Ask yourself a few simple questions….

  • Do you have a favourite food?
  • Is there a food you don’t like?
  • Do you have a comfort food that gives you a warm fuzzy or good memory?
  • Do you have a friend or colleague that has introduced you to a food you had never tried before?

Our hope is that you answered, “Yes,” to all of the above questions, and that’s what we love about food: It is a common bond we all share, a single thread that when talked about, brings to mind all sorts of stories and experiences that we can share.

Farmers’ markets are a centre of commerce and socializing, a venue for combining old with new and a place for new ideas to be explored and celebrated.

The Cambridge Farmers’ Market (CFM) is our community food hub. It is where residents gather to talk about food and community happenings. It’s where awareness is built and the beginnings of change takes place.

The CFM dates back to the 1830s with the current market building holding its seat on Dickson Street since 1887. The presence of the market in conjunction with other civic structures, the Town Halls, is an English tradition that is as relevant today as it was when the market was built. 

The CFM building’s continued use as a market is unique in Ontario. While other markets either remain outdoors only or have had their original buildings converted for other uses, the CFM has continued to flourish in its original location in its original building for its original intended use and this should be celebrated.

As you explore the market, the sweet and spicy aromas of hot prepared foods and snacks will tempt you, along with an extensive selection of cheeses, chutneys, pies, confections, specialty oils, preserves, and seasonal fruits and vegetables.

A wide range of local growers and food producers can supply you with all your needs from savoury appetizers to mouth-watering desserts.

Our market wouldn’t exist without those dedicated vendors, some of whom have been a part of our team for over 50 years. They arrive in the snow and in the rain, or in the heat of summer, often setting up as early as 3:30 in the morning and many don’t pack up until more than 12 hours later.

We have 26 year-round vendors and 30 seasonal vendors, averaging 56 vendors at the peak of the market season, who supply approximately 35,000 shopper visits each year.

You can learn more about our vendors by visiting the vendor directory on our website.

A farmers’ market is a place of:

  • Excitement and anticipation around food
  • A centre of commerce and socializing
  • A venue for combining old with new
  • A place for new ideas to be explored

We encourage you to take part in this tradition as a shopper or entrepreneur; everyone is welcome at the market.

About the original market

While the original location and date of its opening is still a mystery, the Market's history along the east bank of the Grand River is clear. In the 1830s, the east bank was the place to do business in the Township of Galt (now part of the City of Cambridge). The area included the Township's general store, taverns, mills and the village market.

In May 1836, the town's founder, William Dickson, developed a plan to establish the town centre of Galt on the west bank of the Grand River, in the area around what is now Queen's Square. His plan included an area called the Market Place. Unfortunately, Dickson's plan did not succeed as the villagers already felt that their town centre was well established on the east bank and there was no reason to move it.

Moving the market

In North America and in many parts of Europe, markets are usually located close to the local government site. After 1838, the Township of Galt's local government would have been in or near the Township Hall, which was located on the present site of Cambridge's City Hall.

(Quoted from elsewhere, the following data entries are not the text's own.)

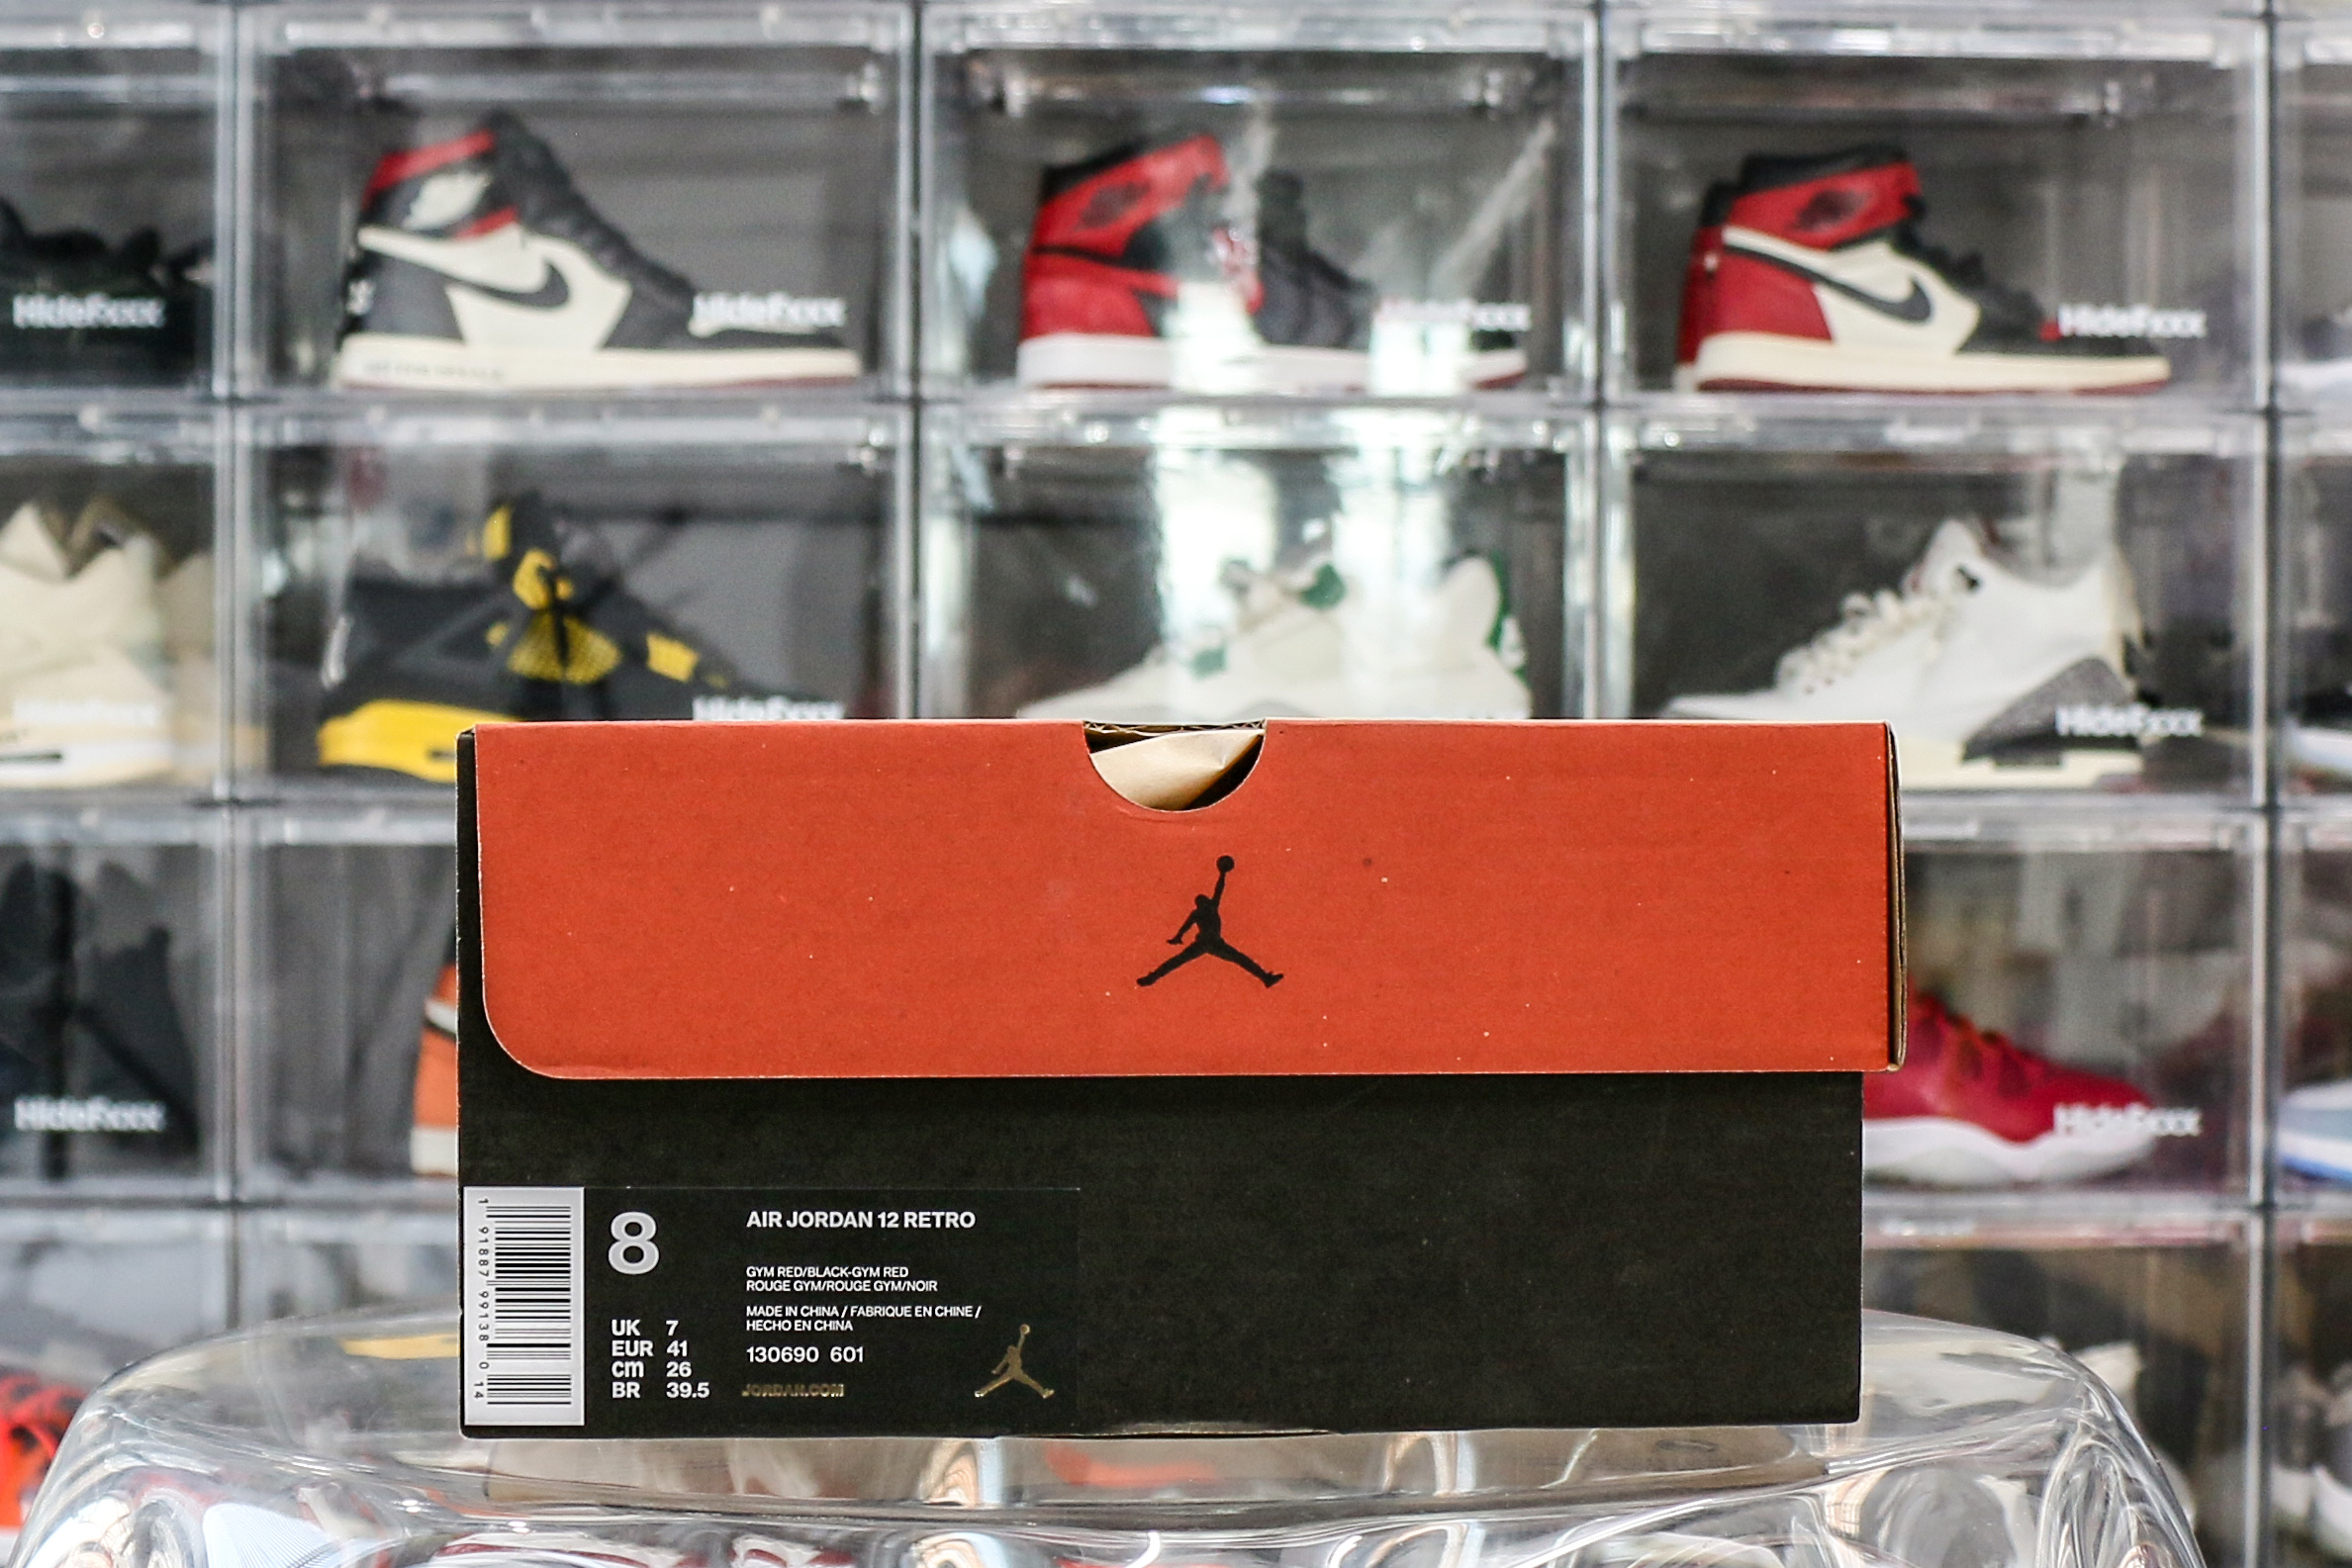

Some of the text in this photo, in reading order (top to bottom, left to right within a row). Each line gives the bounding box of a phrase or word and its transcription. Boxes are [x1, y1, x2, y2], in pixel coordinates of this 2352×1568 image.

[746, 1211, 977, 1229] AIR JORDAN 12 RETRO
[478, 1227, 490, 1277] 91887
[608, 1211, 660, 1275] 8
[746, 1265, 909, 1278] GYM RED/BLACK-GYM RED
[746, 1280, 938, 1292] ROUGE GYM/ROUGE GYM/NOIR
[478, 1291, 490, 1341] 99138
[746, 1305, 783, 1318] MADE
[785, 1305, 799, 1318] IN
[800, 1305, 840, 1318] CHINA
[850, 1305, 912, 1318] FABRIQUE
[914, 1305, 932, 1318] EN
[934, 1305, 974, 1318] CHINE
[612, 1319, 679, 1337] UK 7
[746, 1320, 854, 1332] HECHO EN CHINA
[612, 1339, 688, 1357] EUR 41
[746, 1345, 864, 1363] 130690 601
[666, 1360, 693, 1378] 26
[474, 1381, 485, 1399] 14
[612, 1381, 710, 1399] BR 39.5
[741, 1383, 844, 1398] JORDAN.COM

At first, the vegetable market was held completely in the open while the meat market was located in the Township Hall. In 1856, the Township's public school was converted into the vegetable and poultry building, east of the Township Hall.

In 1858, Galt's Town Hall was designated the Town Hall and Market House. The bottom floor of the new building was set aside to house the village's butchers and the village meat market.

In the 1880s, the vegetable and poultry market moved to today's Farmers' Market location at Dickson and Ainslie streets - property purchased by the Town. The vegetable market and poultry market moved into the new building immediately, while the meat market stayed in the Town Hall, probably until 1896 when a two-storey section was added to the vegetable and poultry market building.

About the current Farmers' Market

The current Farmers' Market includes two separate buildings built at different times. The one-storey structure was built in 1887 by mason William Fulton under the supervision of William Graham. The two-storey structure was built in 1896, designed by local architect Fred Mellish. The two-storey building was built by mason, W. Edmonds and carpenters, W. and F. A. Scott.

The upper floor of the two-storey building housed the Galt Public Library until 1905. Starting in 1907, the upper floor served as rehearsal rooms for The Galt Kiltie Band. The Galt Kiwanis Youth Band also used the rooms for rehearsal from 1949 to 1972. The rooms were converted into municipal offices in 1978.

Over the years the market buildings have suffered from daily wear and tear, the effects of road salt and the effects of flood. The 1974 flood caused $35,000 in damages and closed the interior of the market from May to the end of August.

The most recent major renovations of the buildings occurred in 1992. New structural steel beams and columns were added to the interior of the buildings to ensure that they would remain standing for many years to come. The market building was designated as a heritage structure in July 1984, under the Ontario Heritage Act.